Em nosso universo de 147,3 milhões de eleitores, as mulheres, que representam 52,5% desse total, são a maior frente de resistência ao sujeito: apenas 13% votariam nele, enquanto 43% dizem que nunca o fariam. Curiosamente, os grupos de mulheres e LGBTs do Facebook não são homogêneos. Cada um posta propostas de seus candidatos e o repúdio interminável ao pensamento e lógicas do ex-militar. Na quinta-feira, o grupo de mulheres publicou uma carta em que dizia que “otratamento desrespeitoso dirigido às mulheres, aos negros, indígenas, homossexuais, o culto à violência, a agressão contra adversários, a defesa da tortura e de torturadores, constituem manifestações que devem ser combatidas por aqueles que acreditam nos princípios civilizatórios que possibilitam a existência de uma sociedade democrática e plural”. O mesmo se espalha pelos posts LGBT.

Ou seja, a resistência não é nem um pouco ao projeto de governo de Bolsonaro, mas toda a ideologia que ele defende e representa e que se dissemina entre seus eleitores. O professor, pesquisador e escritor Juremir Machado escreveu no Correio do Povo um artigo brilhante explicando essa ideologia, reproduzido no portal da revista “Fórum”:

“Não, Jair Bolsonaro não é um candidato como outro qualquer. É pior. Ele é um imaginário, uma mentalidade, uma visão de mundo. O seu método de leitura do que acontece na vida é a simplificação. Torna o complexo falsamente simples por meio de uma redução a zero dos fatores que adensam qualquer situação... Bolsonaro encarna o pensamento do homem medíocre, o homem mediano que não assimila explicações baseadas em causas múltiplas. Se há miséria, a culpa é da preguiça dos miseráveis. Se há crime, a culpa é sempre da má índole. Se há manifestações, é por falta de ordem. A sua filosofia por excelência é o preconceito em tom de indignação moral, moralista. A sua solução ideal para os conflitos é a repressão, a cadeia, o cassetete. Bolsonaro corporifica o imaginário do macho branco autoritário que odeia o politicamente correto e denuncia uma suposta dominação do mundo pelos homossexuais. É o cara que, com pretensa convicção amparada em evidências jamais demonstradas, diz: – Não se pode mais ser homem neste país. Vamos ser todos gays”.

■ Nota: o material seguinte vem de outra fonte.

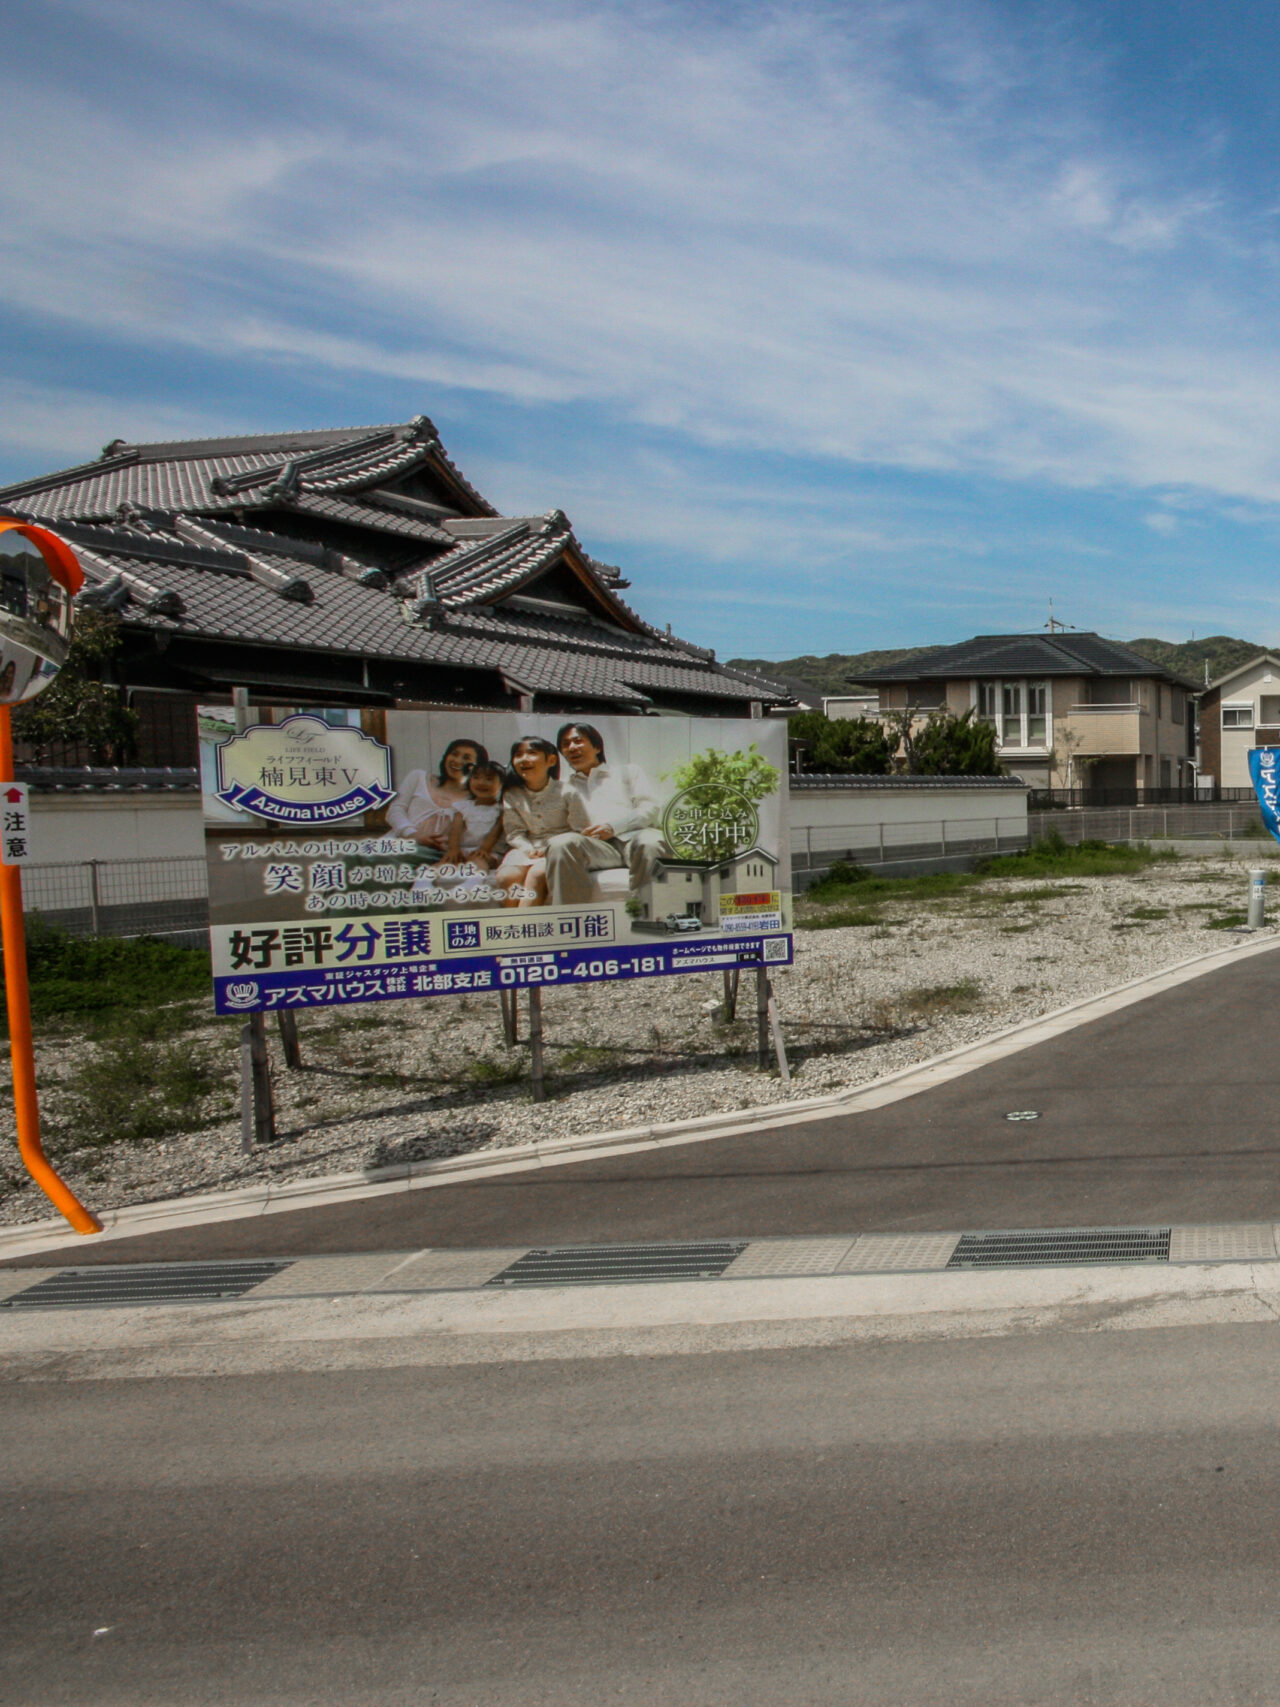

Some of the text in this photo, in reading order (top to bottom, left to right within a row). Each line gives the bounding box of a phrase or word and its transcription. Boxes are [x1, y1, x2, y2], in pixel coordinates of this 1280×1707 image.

[266, 755, 342, 764] ライフフィールド
[250, 795, 366, 819] Azuma House
[674, 808, 747, 819] お申し込み
[4, 811, 27, 857] 注意
[222, 839, 415, 857] アルバムの中の家族に
[451, 924, 476, 936] 土地
[229, 919, 431, 970] 好評分譲
[451, 936, 477, 947] のみ
[501, 956, 665, 985] 0120-406-181
[675, 957, 715, 966] アズマハウス
[413, 970, 492, 992] 北部支店
[264, 979, 386, 1006] アズマハウス

A cientista social e antropóloga Rosana Pinheiro-Machado estuda há algum tempo o imaginário das populações periféricas a respeito do ideário de Bolsonaro. Em artigo ao portal “The Intercept”, ela complementa essa lógica descrita por Machado – um pensamento típico de classe média – ao destrinchar porque muitos marginalizados também apoiam o opressor: “Construir-se como ‘honesto’ é uma saga radical de sobrevivência. Não é nada excepcional que muitos sujeitos das periferias reproduzam a ideologia antipovo para serem aceitos socialmente. Eles precisam culpar o bandido para justificar as suas próprias escolhas... Antes de ficar reproduzindo bordões preconceituosos acerca dos “pobres de direita”, deveríamos fazer o esforço de colocar as coisas em perspectiva e lembrar que, na maioria das vezes, o amparo só vem da religião, da família e das ações coletivas e movimentos sociais, raramente do Estado. Não se pode esperar que brotem almas democráticas e contestadoras de pessoas cujo contexto, desde o espancamento que recebeu do pai até a lição que levou da polícia, é marcado pela violência”.

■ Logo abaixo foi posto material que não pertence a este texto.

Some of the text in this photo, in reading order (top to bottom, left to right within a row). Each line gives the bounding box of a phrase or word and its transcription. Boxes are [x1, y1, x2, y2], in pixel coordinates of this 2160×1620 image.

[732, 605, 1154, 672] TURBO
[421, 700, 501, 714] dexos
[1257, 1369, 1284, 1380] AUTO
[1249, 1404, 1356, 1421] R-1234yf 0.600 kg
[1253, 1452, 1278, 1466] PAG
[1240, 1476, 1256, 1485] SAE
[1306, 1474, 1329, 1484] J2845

Ou seja, o eleitor de Bolsonaro é um sujeito que se deixou influenciar pelo discurso de ódio, violência e preconceito anticivilizatório. E isso tem um preço que os grupos formados no Facebook e que começam a ganhar as ruas pretendem contornar e a ele resistir. Em entrevista ao portal “Nexo”, Christian Dunker, psicanalista e professor-titular do Instituto de Psicologia da USP analisa a cabeça do sujeito que esfaqueou Bolsonaro e aponta o perigo real do discurso odioso:

“É preciso entender que um discurso é muito mais do que um conjunto de teses que alguém defende ou representa. Um discurso compreende os efeitos de reprodução e reverberação do que alguém diz autorizando, incitando ou por outro lado reprimindo ou deslocando afetos e disposições de ação... O que muitos chamam de discurso de ódio ou de polarização está caracterizado por isso: criação e acusação de inimigos, valorização de armas ou violência, uso de provocação e desqualificação, ataque contra instâncias de mediação. Este tipo de discurso incita efeitos que a psicanálise situa no campo do imaginário, caracterizado pelas paixões de ódio ou fascinação, assim como espelhamento e inversão simétrica. Isso é um perigo pois atrai contra si pessoas e atitudes que valorizam os mesmos meios de violência e agressividade, só que em sentido inverso, criando uma espécie de barril de pólvora”.